++++ SUPPLIED INFORMATION ++++

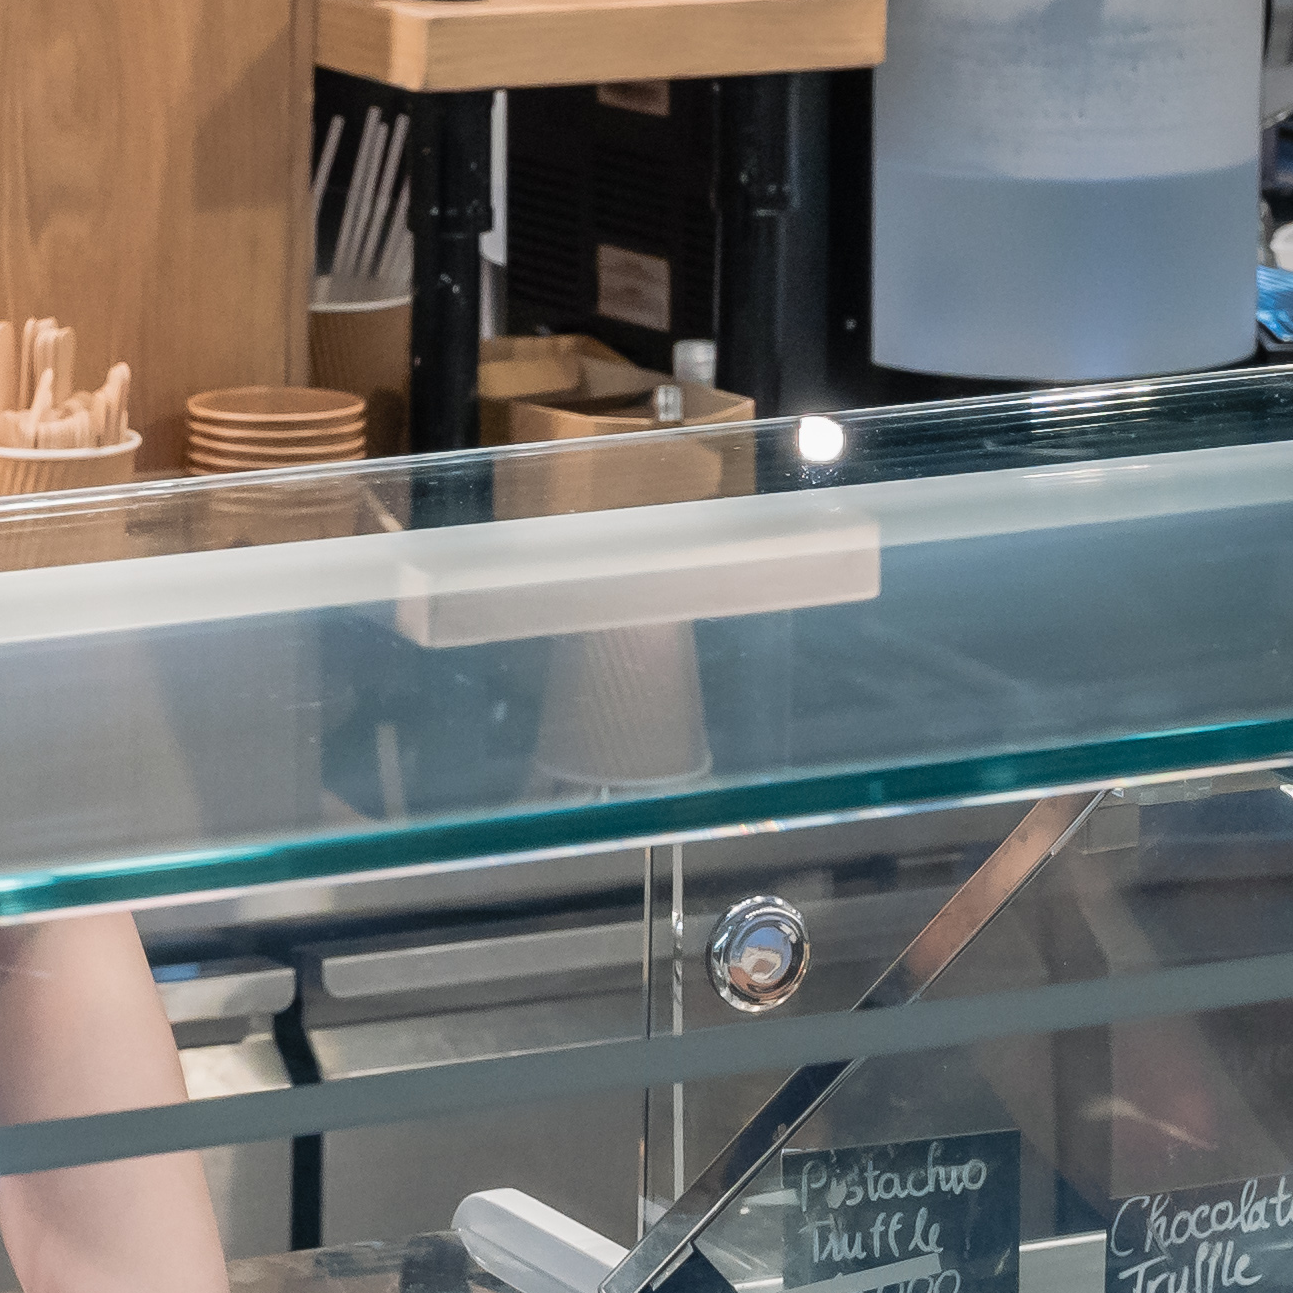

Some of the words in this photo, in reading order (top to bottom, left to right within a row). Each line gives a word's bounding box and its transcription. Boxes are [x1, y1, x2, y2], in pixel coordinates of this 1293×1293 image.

[801, 1141, 988, 1213] Pistachio
[798, 1207, 944, 1264] Truffle
[1111, 1176, 1293, 1257] Chocolat
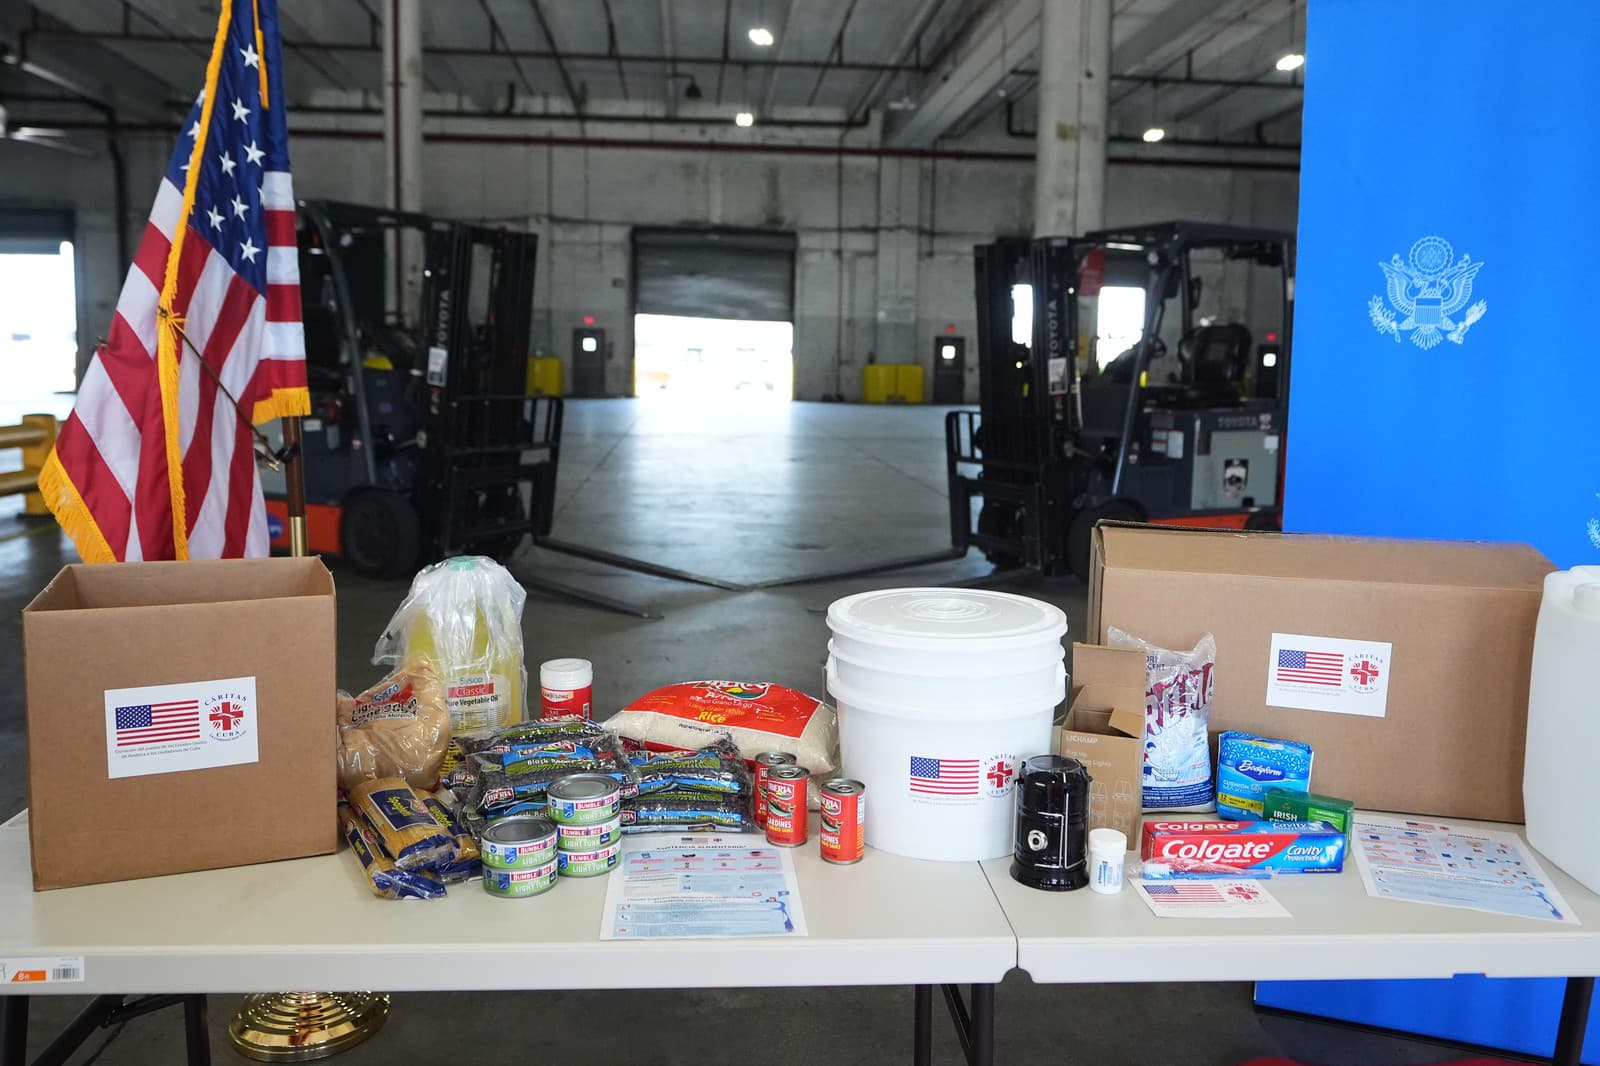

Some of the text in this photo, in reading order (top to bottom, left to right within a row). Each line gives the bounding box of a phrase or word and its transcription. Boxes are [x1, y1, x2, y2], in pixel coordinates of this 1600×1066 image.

[1217, 416, 1258, 429] TOYOTA
[205, 692, 247, 706] CARITAS
[459, 697, 490, 707] Vegetable
[490, 695, 498, 703] Oil
[698, 711, 726, 723] Rice
[1238, 759, 1282, 777] Bodyform
[577, 800, 601, 810] BUMBLE
[1274, 810, 1298, 822] IRISH
[563, 828, 586, 837] BUMBLE
[1154, 821, 1241, 832] Colgate
[520, 844, 544, 854] BUMBLE
[1161, 838, 1270, 864] Colgate
[1287, 844, 1323, 857] Cavity
[570, 852, 594, 861] BUMBLE
[1282, 853, 1321, 863] Protection
[513, 870, 538, 880] BUMBLE

++++

TASK TO COMPLETE -> Transcribe every record above exactly, leaving out the pictures.

RESULT OF THIS TASK ->
Some of the words in this photo, in reading order (top to bottom, left to right within a row). Each line gives a word's bounding box and its transcription. Boxes are [x1, y1, x2, y2], in pixel coordinates of this 1293×1293 image.

[801, 1141, 988, 1213] Pistachio
[798, 1207, 944, 1264] Truffle
[1111, 1176, 1293, 1257] Chocolat

Some of the text in this photo, in reading order (top to bottom, left to right within a row). Each line gives the bounding box of a phrase or word and its transcription. Boxes are [x1, y1, x2, y2], in pixel coordinates of this 1600×1066 image.

[1217, 416, 1258, 429] TOYOTA
[205, 692, 247, 706] CARITAS
[459, 697, 490, 707] Vegetable
[490, 695, 498, 703] Oil
[698, 711, 726, 723] Rice
[1238, 759, 1282, 777] Bodyform
[577, 800, 601, 810] BUMBLE
[1274, 810, 1298, 822] IRISH
[563, 828, 586, 837] BUMBLE
[1154, 821, 1241, 832] Colgate
[520, 844, 544, 854] BUMBLE
[1161, 838, 1270, 864] Colgate
[1287, 844, 1323, 857] Cavity
[570, 852, 594, 861] BUMBLE
[1282, 853, 1321, 863] Protection
[513, 870, 538, 880] BUMBLE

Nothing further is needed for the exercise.